The energy consumption model considers different train consists, each with its own locomotive characteristics and power type. The model accommodates various energy sources, including diesel, biodiesel, diesel-hybrid, biodiesel-hybrid, and electric trains.
NeTrainSim offers a comprehensive simulation environment for analyzing the behavior of multiple trains on a network. Its modular structure allows for the efficient handling of network calculations, train dynamics, and energy consumption calculations, providing accurate and detailed simulation results.
ChargeSta
ChargeSta focuses on estimating the quantity and dimensions of components required at refueling and recharging facilities so they can serve as intermediary energy transfer points between the energy sources, like the power grid, and the train tenders and locomotives (batteries and hydrogen fuel cells).
Private railroad stakeholders are particularly concerned about the costs of these infrastructure investments. They recognize they need to support a fleet of battery locomotives, hydrogen locomotives, or a mix of the two, but would like to minimize the cost of doing so.
To develop facility designs, for both battery and hydrogen recharging facilities, ChargeSta uses simulation. Trains arrive and deliver depleted tenders; they then depart and leave with ones that are recharged. The facility processes the arrivals to prepare for the departures – the temporal variations in those arrival and departure patterns; as well as considerations of peak load pricing by the utilities – determines how large the facility needs to be, and thus, the operational and capital costs. Each analysis produces results for a specific facility size; and a series of analyses produces a database of configuration results for facilities of various sizes.

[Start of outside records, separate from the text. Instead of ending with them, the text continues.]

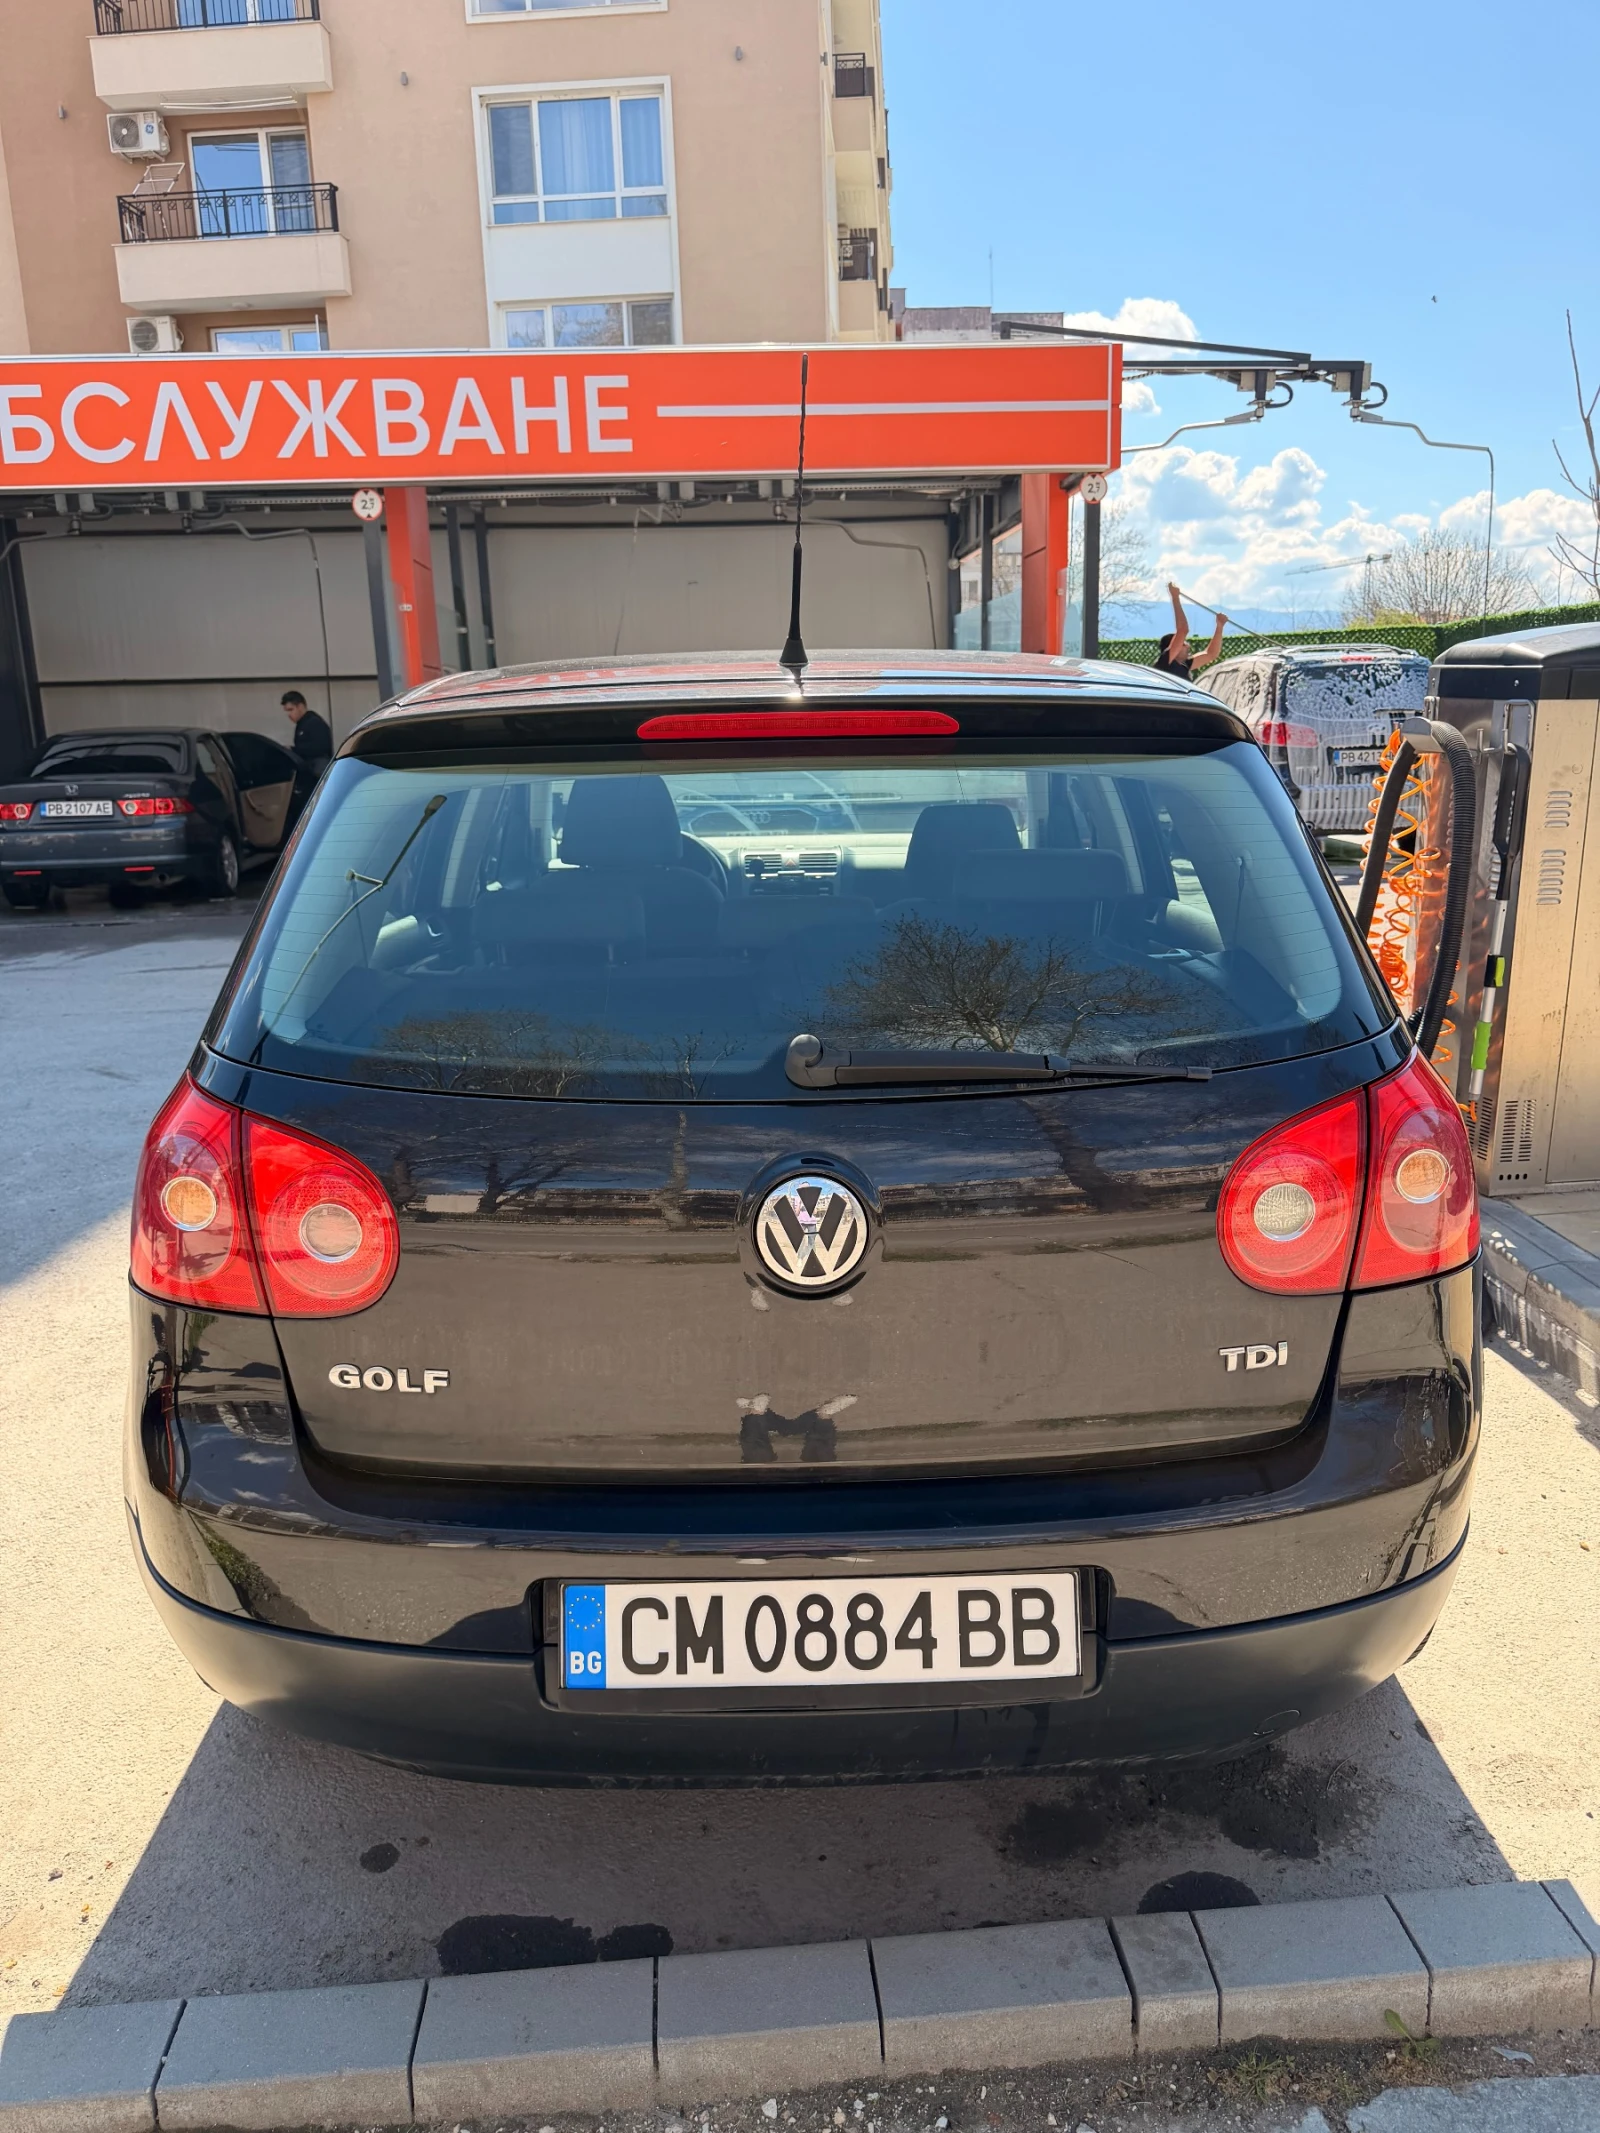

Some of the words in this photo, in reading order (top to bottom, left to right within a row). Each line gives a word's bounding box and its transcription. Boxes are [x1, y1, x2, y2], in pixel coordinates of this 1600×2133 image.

[0, 375, 634, 464] БСЛУЖВАНЕ
[1341, 752, 1355, 763] PB
[48, 803, 63, 815] PB
[65, 803, 93, 815] 2107
[96, 802, 111, 814] AE
[328, 1363, 450, 1394] GOLF
[621, 1596, 724, 1675] CM
[744, 1591, 938, 1674] 0884
[958, 1588, 1060, 1668] BB
[570, 1651, 602, 1675] BG

The main input for ChargeSta is the target recharging capacity per year (e.g., 90 GWh/year). This demand is portrayed in the form of tenders per year (say 36,000), of a given capacity (e.g., 5 MWh), which are fully or partially depleted (say, on average 50%), which arrive in trains (e.g., in 7200 trains, or about 20 trains per day, with 5 tenders per train). Using a Monte Carlo simulation, the train arrivals (and the departures) are then distributed across the 8,760 hours of the year based on inputs about the distributions (in percentages) of train arrivals by month, day of the week, and hour of the day. The pattern of train departures is input separately, but the number of tenders per train and the total number of train departures is held constant so there is no difference between input and output.

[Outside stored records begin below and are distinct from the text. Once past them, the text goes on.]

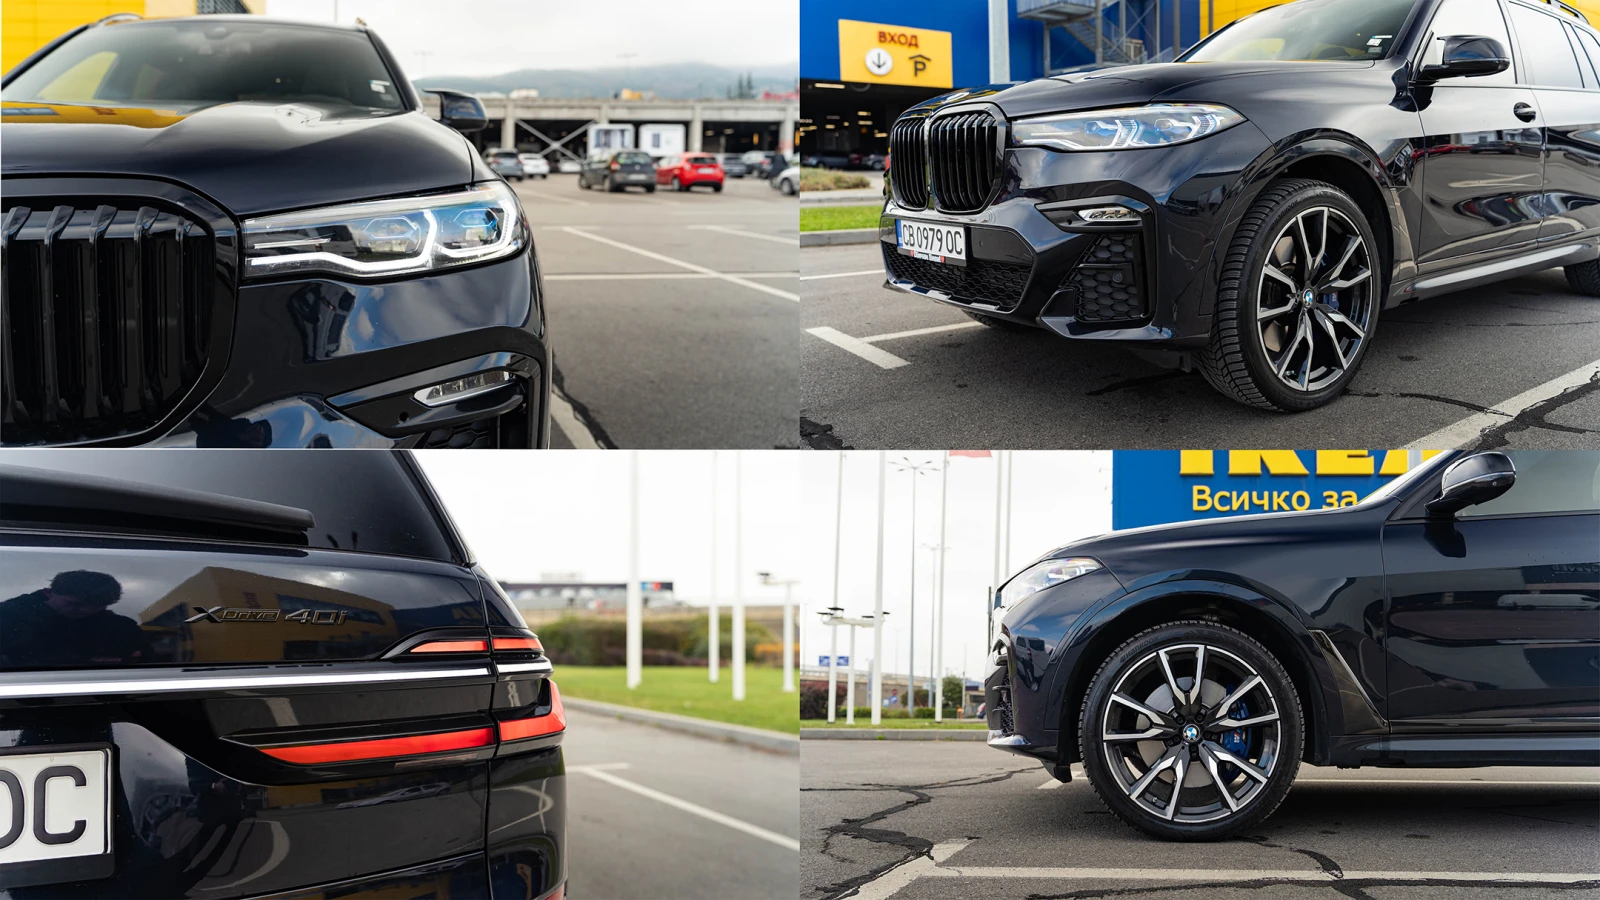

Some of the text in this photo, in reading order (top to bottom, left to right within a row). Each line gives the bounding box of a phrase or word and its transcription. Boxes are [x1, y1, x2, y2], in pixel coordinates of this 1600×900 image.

[878, 31, 919, 48] ВХОД
[902, 224, 915, 247] CB
[916, 226, 943, 252] 0979
[1192, 485, 1358, 512] Всичко за
[284, 608, 348, 625] 40i

Within the facility, arriving tenders are recharged. Once recharged, tenders are placed in inventory and become part of the supply for satisfying subsequent train departures. A “ready reserve” is assumed to exist in case the normal supply of tenders is exhausted.
Temoa
Temoa (Tools for energy model optimization and analysis) is an open source modeling framework for conducting energy system analysis. The core component of Temoa is an energy system optimization model. Such models have emerged as critical tools for technology assessment and policy analysis at scales ranging from local to global.
Other Tools
During the development of A-STEP, especially EcoTool and the Single Train Simulator, prototypes of the tools were developed first in Excel. Rather than discarding those versions, they continued to be valuable in testing the implementation of the methoodologies involved. Moreover, since they were kept in-step with the methodologies as they evolved, the A-STEP developers thought it might be useful to offer them as supplemental tools within A-STEP. This tab in the A-STEP toolset provides easy access to those tools by allowing the user to bring up Excel within the A-STEP environment. Of course, these tools can also be opened using Excel from within Windows directly.